The question for the citizenry is, “How ('The How') will the City Council and the city government enforce future codes on the housing described above when its efforts to date have allowed for a proliferation of illegal rooming houses, derelict homes, and residences where boats, trailers, cars and various sorts of containers are treated as lawn ornaments?” I know that our new Chief of Police, Todd Ramsay, is working diligently on a method of enforcement but will the political will of the Mayor and the City Council be there at the moment of implementation?


Michael said...

Dick, I think you're looking at the ill effects of poverty and limited economic means. That's how we get some of those dilapidated houses, and that's why people "shack up" together. I know you're focus is on enforcement, but I think we need to keep an eye on the deeper, underlying issues, or we run the risk of treating the symptom rather than addressing the need.

I'm not offering any solutions (I wish I had a few ready answers, but I don't), just an observation.

zonemaven said...


Thank you for taking the time to comment.

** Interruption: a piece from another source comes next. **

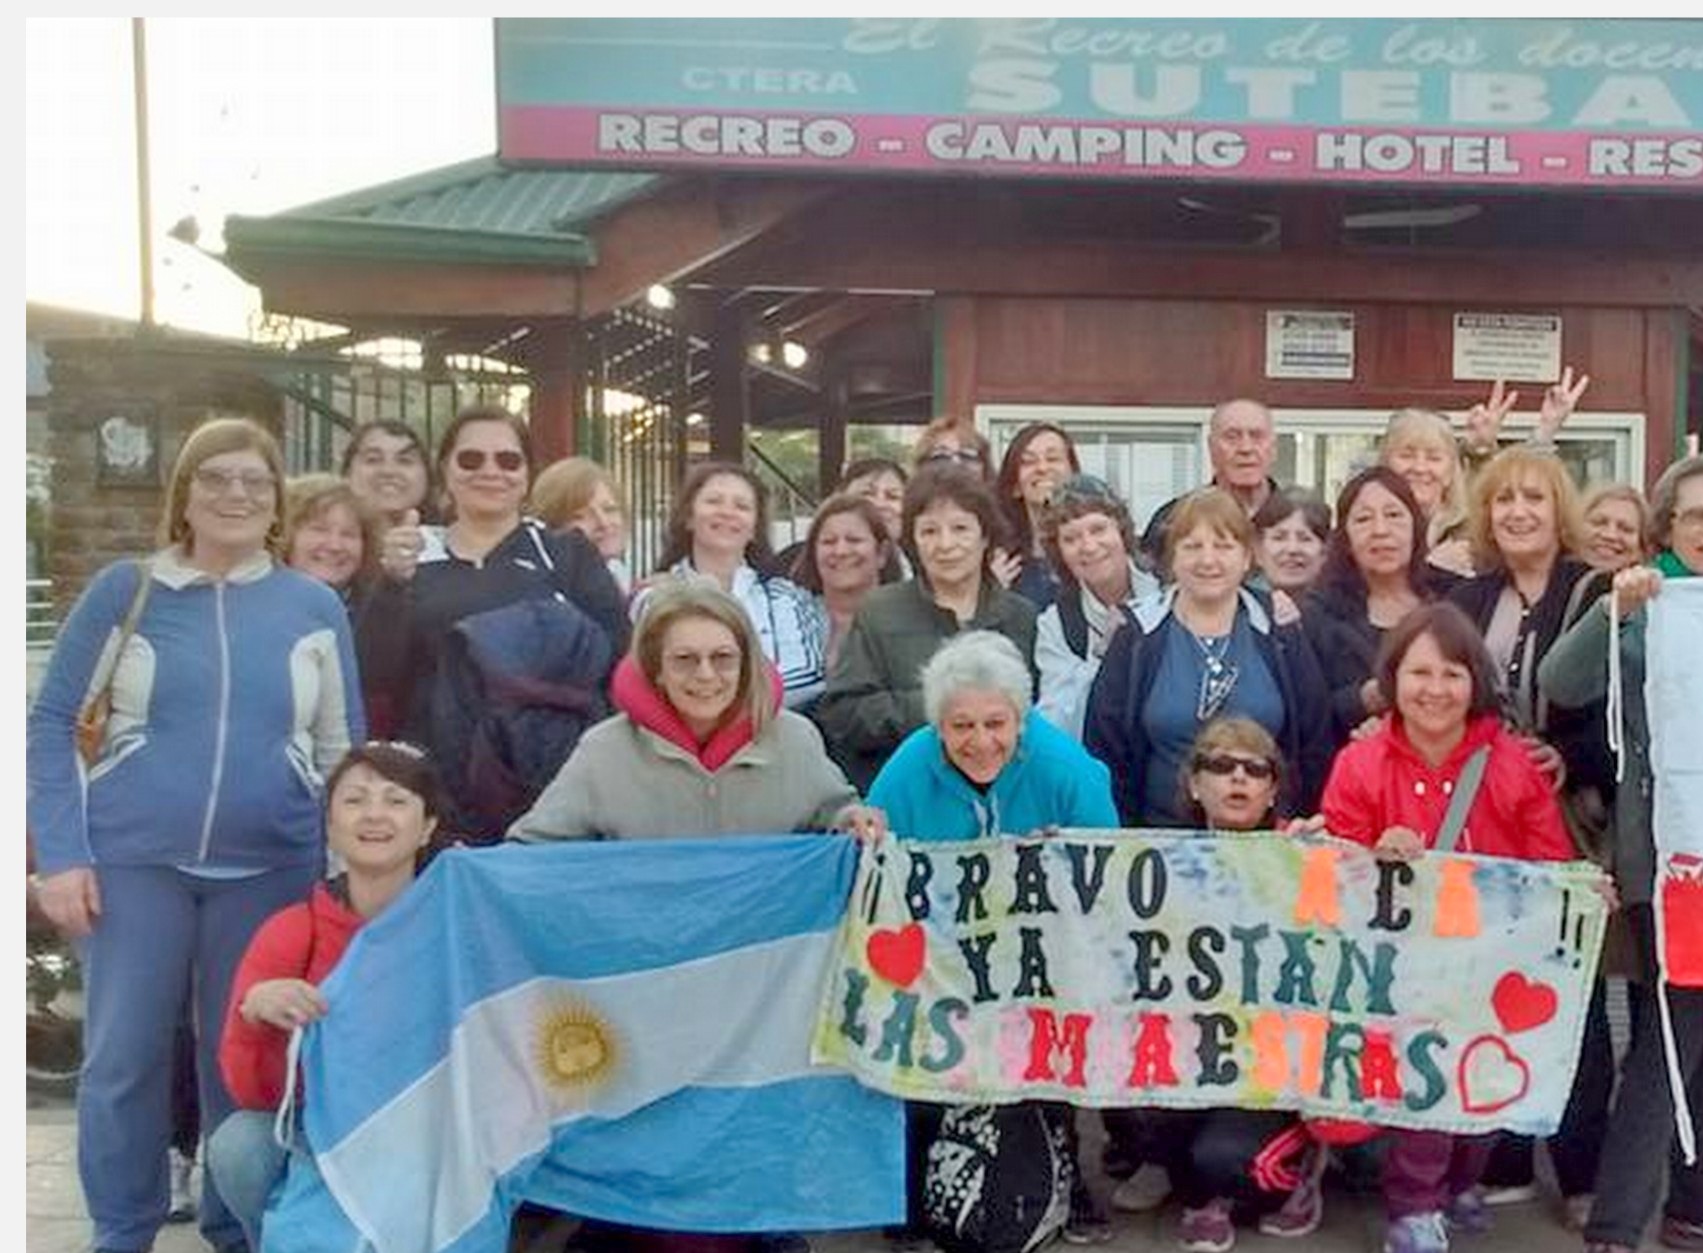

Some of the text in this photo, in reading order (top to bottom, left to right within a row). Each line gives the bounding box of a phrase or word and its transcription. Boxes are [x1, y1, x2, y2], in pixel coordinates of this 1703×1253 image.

As for your analysis, I agree to a great extent about the poverty and limited economic means. The reason I focus on enforcement is that I think it is exactly the atmosphere of non-enforcement which has perversely created the present situation in which so little in the way of of affordable housing is available within the city. For example, one cannot ignore the effects of 8,000 or more students seeking rentals each year. This distorts the rental market and tends to push up rental rates making affordable housing that much more difficult to find for those of modest means. I invite you to read through some of my previous blog entries in which I have spoken directly to the issues you have raised.

Matt Petryni said...

Dick, this post makes no sense really, at all. I understand the merits of your argument against "illegal rooming houses" and whatnot, but I really don't believe the pictures you posted are examples of that at all. Like the previous poster, I too think the houses exhibited above are not the homes of transient, short-term renters like college students but rather those of impoverished long-term renters that are poorly maintained by their landlords and occupied by a regular tenant for a number of years.

As for the affordable housing argument, I think we can all agree that one is significantly more complicated than simply college kids driving up the rental market. If the rental supply were large enough, this should not be a problem. It is a reality that 11,000 college kids live in Bellingham, and we cannot will this massive rental demand away by forcing them to stay out of houses.

I don't, however, want to get into an argument with you - or anyone else, frankly - over an internet blog. But I am a "college kid" (in a legal rooming house, mind you) and I do care deeply about this issue, so I might suggest we get together for coffee and talk more about this, if you have time. Contact me at mpetryni@uoregon.edu if you're interested.

zonemaven said...


Thanks for the reply.

The derelict homes pictured in my blog entry were to underline the problem with code enforcement in Bellingham. I made no statement to the effect that these homes were rentals. The other photos were placed in the blog entry to demonstrate what happens in some neighborhoods when homes are crowded together in an attempt to create infill.

If you review my blog from the beginning, you will find that I have never advocated tossing out all student renters from single family homes. I have, however, maintained that the zoning codes be enforced, be they for student renters or anyone else. If three students want to rent the home across the street from me, that is fine as long as they respect the laws. At the same time, WWU needs to take more responsibility in the matter of student housing other than just dumping thousands of students on the community in a rental free-for-all.

I will contact you separately regarding that coffee!